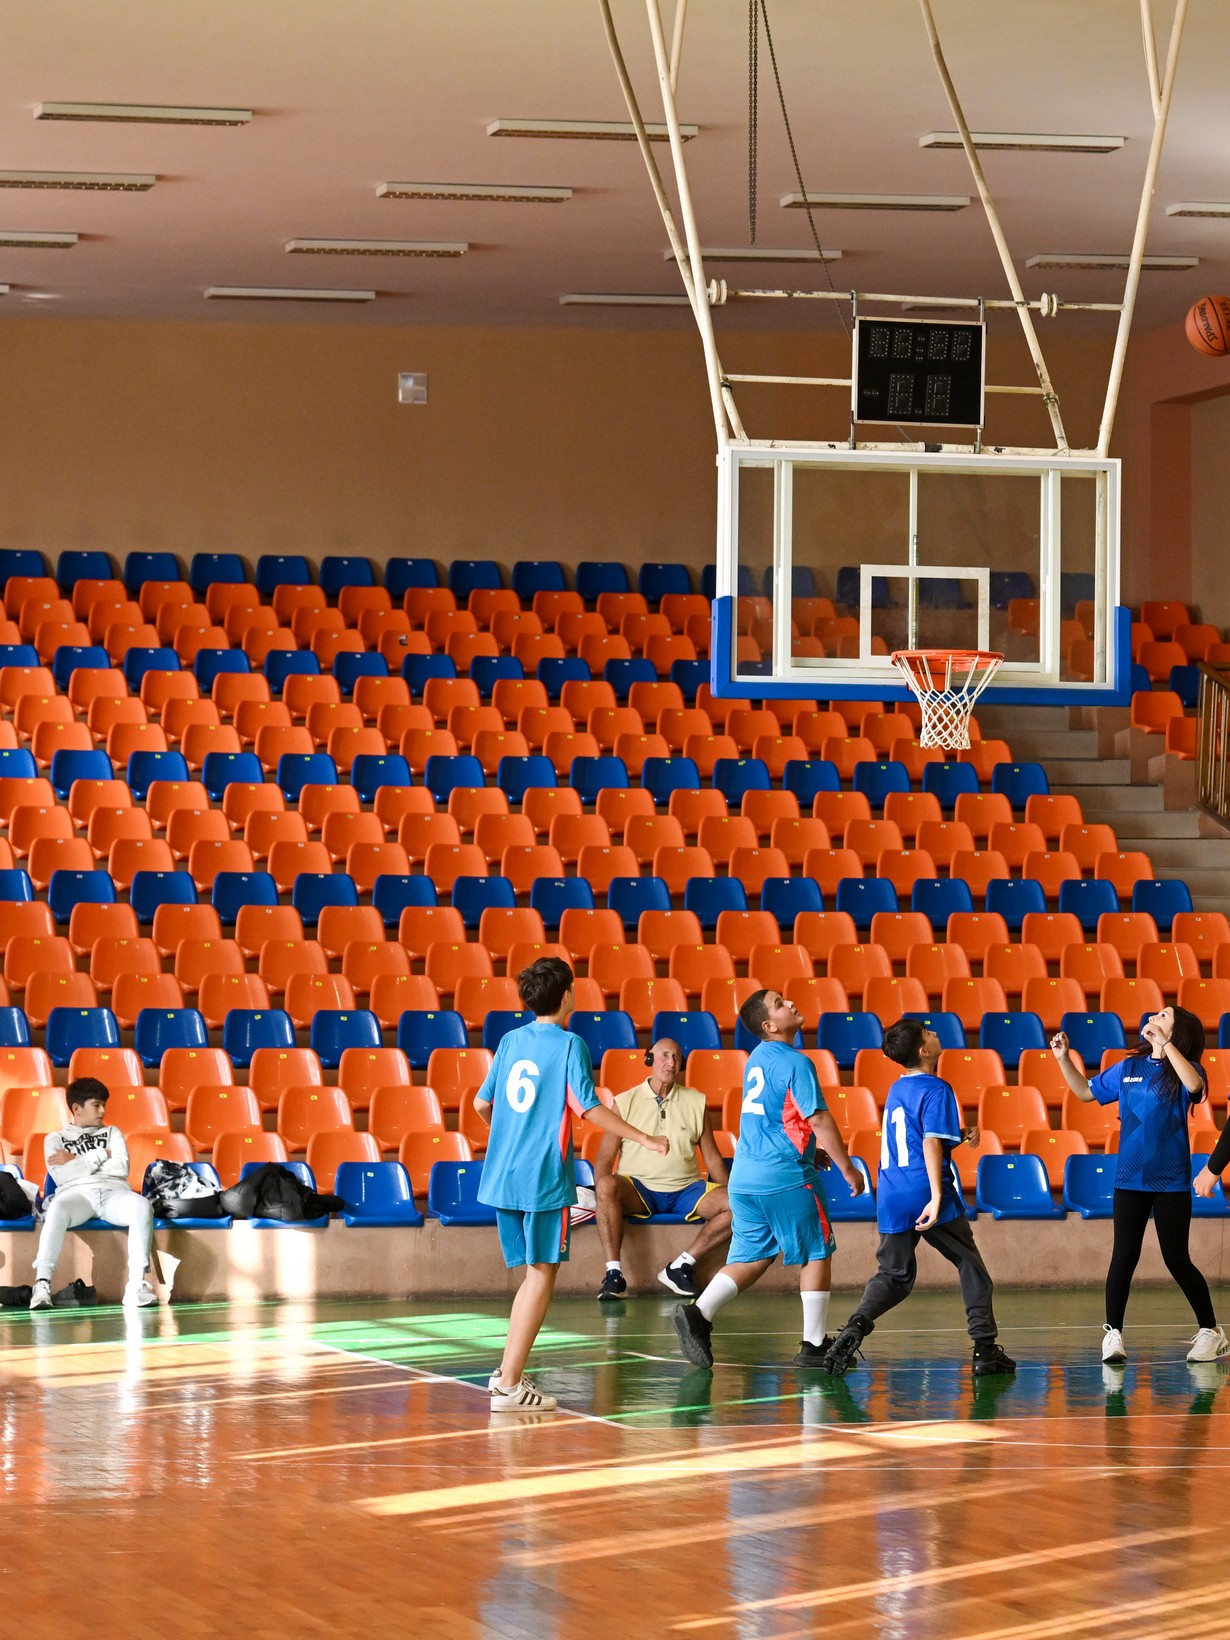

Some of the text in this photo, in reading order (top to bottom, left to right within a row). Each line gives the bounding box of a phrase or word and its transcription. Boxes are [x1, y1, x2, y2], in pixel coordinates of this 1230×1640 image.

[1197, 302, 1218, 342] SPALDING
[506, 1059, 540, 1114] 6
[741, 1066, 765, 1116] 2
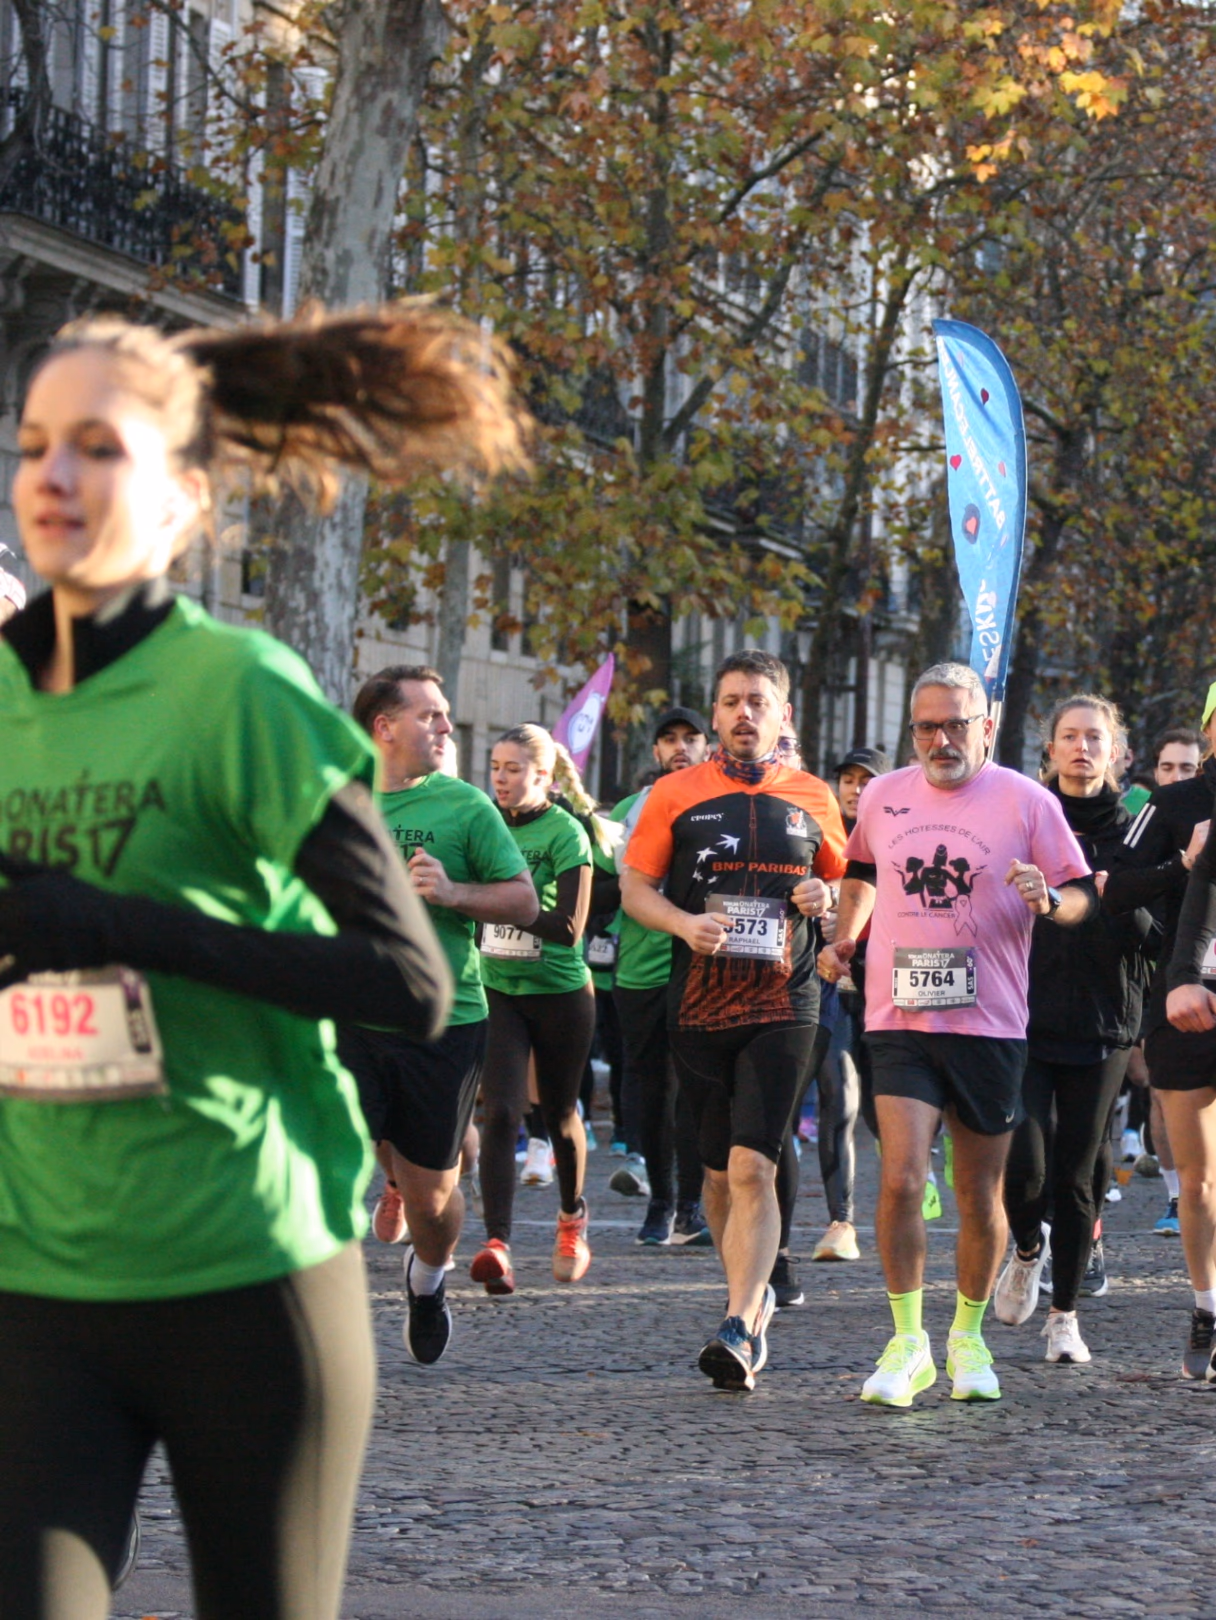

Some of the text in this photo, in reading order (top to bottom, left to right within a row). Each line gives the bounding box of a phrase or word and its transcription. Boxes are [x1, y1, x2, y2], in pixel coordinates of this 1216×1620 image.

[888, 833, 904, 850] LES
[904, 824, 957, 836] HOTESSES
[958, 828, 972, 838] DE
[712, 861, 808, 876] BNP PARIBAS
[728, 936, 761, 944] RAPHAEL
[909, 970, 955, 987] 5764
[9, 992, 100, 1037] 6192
▬▬▬▬▬▬▬▬▬▬
TASK BRIEF: Transcribe every line of the data exactly. No pictures go in the copy.

ANSWER FOR THE TASK:
Some of the text in this photo, in reading order (top to bottom, left to right within a row). Each line gives the bounding box of a phrase or word and its transcription. Boxes are [x1, y1, x2, y2], in pixel coordinates of this 1230×1640 image.

[1197, 302, 1218, 342] SPALDING
[506, 1059, 540, 1114] 6
[741, 1066, 765, 1116] 2

Some of the text in this photo, in reading order (top to bottom, left to right within a row). Each line gives the bounding box of a phrase or word and its transcription. Boxes are [x1, y1, x2, y2], in pixel coordinates of this 1216×1620 image.

[888, 833, 904, 850] LES
[904, 824, 957, 836] HOTESSES
[958, 828, 972, 838] DE
[712, 861, 808, 876] BNP PARIBAS
[728, 936, 761, 944] RAPHAEL
[909, 970, 955, 987] 5764
[9, 992, 100, 1037] 6192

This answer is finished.